Rika Iwasaki's husband is packed away in a marble box. His ashes come rumbling out of the inner chambers on a conveyor belt to a dispensing machine. All this takes only a minute thanks to a simple swipe of a plastic card.
[Rika Iwasaki, Cementary Visitor]:
"Here, you don't need to wander around the cemetery to find your family's grave because with the quick insert of a card, your grave is brought to you. It's especially convenient for first-time visitors or friends."
High-rise graveyards are not uncommon in a country where land is scarce for the living and the dead, and cemeteries have long been overcrowded. In Japan nearly everyone is cremated.
For Kazuko Kazawa who lives in Ibaraki, a two-hours drive from Tokyo, having her husband's grave in Tokyo close to his colleagues was more important than anything else.
[Kazuko Kazawa, Cementary Visitor]:
"A colleague of my deceased husband visited here today and that's the benefit of having the grave in Tokyo.

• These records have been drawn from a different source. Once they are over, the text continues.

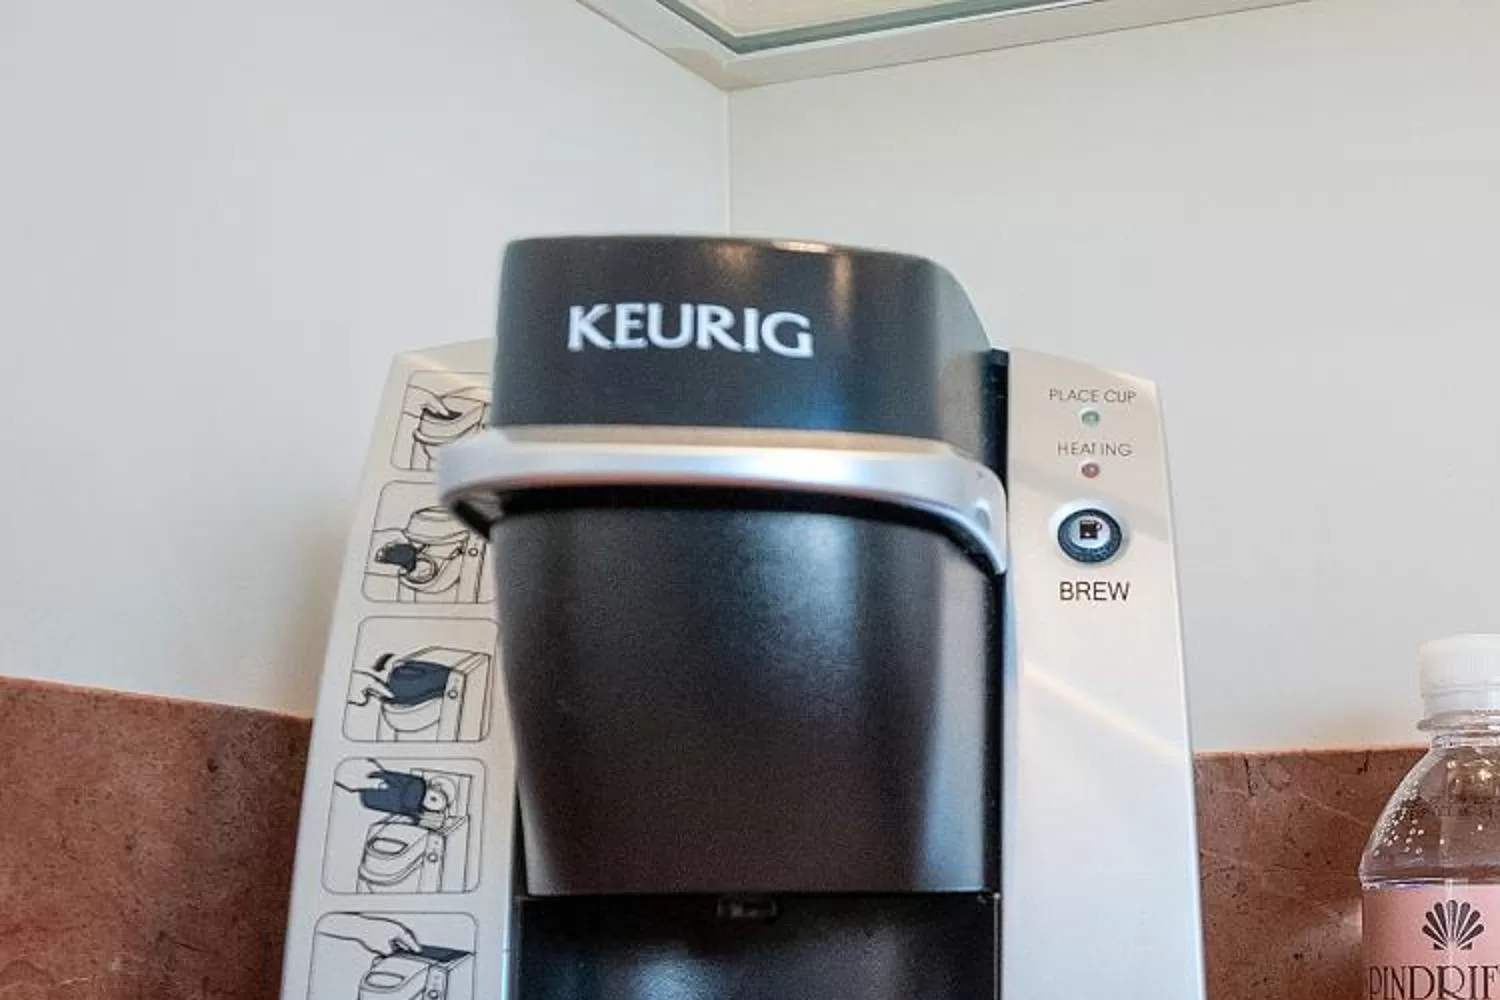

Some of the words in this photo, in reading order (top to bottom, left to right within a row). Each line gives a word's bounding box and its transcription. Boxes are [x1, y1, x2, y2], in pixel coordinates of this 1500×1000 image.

[567, 302, 814, 359] KEURIG
[1048, 388, 1099, 403] PLACE
[1103, 389, 1137, 404] CUP
[1057, 442, 1133, 457] HEATING
[1059, 581, 1130, 601] BREW
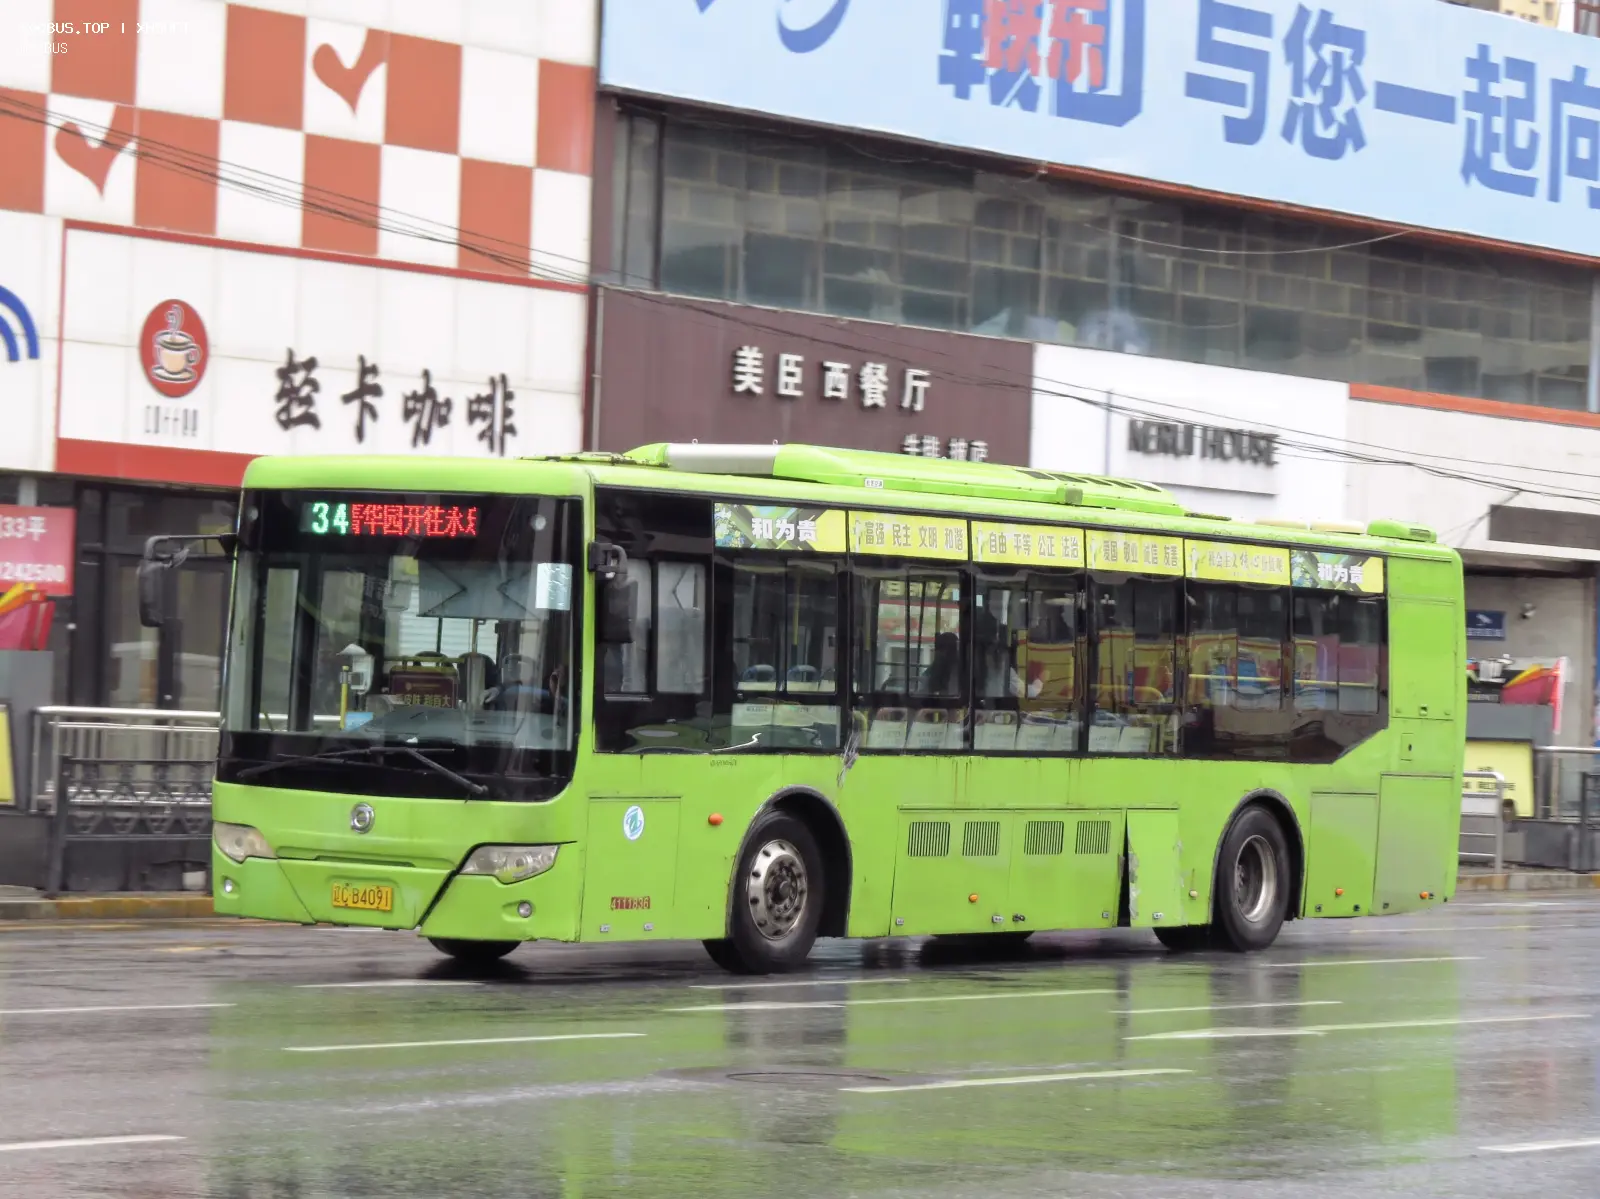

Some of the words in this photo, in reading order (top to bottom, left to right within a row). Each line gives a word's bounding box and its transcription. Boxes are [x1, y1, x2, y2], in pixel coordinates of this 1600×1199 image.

No one would ever come to see him if it were in Ibaraki."
This type of cemetery has proven so popular that the temple is already building another one with a capacity of over four thousand "rooms"
— right next door. Chizuko Kosugi has just reserved a space in the neighboring high-rise necropolis for herself and her family.
[Chizuko Kosugi, Cementary Visitor]:
"I don't find the automated system repulsive. I'd rather buy the convenience of this cemetery where people don't need to worry about rain or be bothered by having to look after the grave. Some may say it's too convenient, but I'm fine with that."
Head priest Junsho Watanabe explains that while the convenience is certainly a big selling point, his graves' popularity boils down to their price tag. The square marble boxes can fit the remains of at least nine family members. And the cost is one-fifth the price of a regular tomb in a regular graveyard in the same part of Tokyo.
[Junsho Watanabe, Temple Head Priest]:
"Each family urn can contain up to nine ash envelops, and because of Japan's low fertility rate and consequently diminishing family size, it takes well 70 to 80 years for a family to reach the full capacity of the box."
Twelve years ago, this 400-year-old temple used to look like any other Buddhist temple. Now the original 550 graveyards and tombs that pre-date the building are preserved in the basement.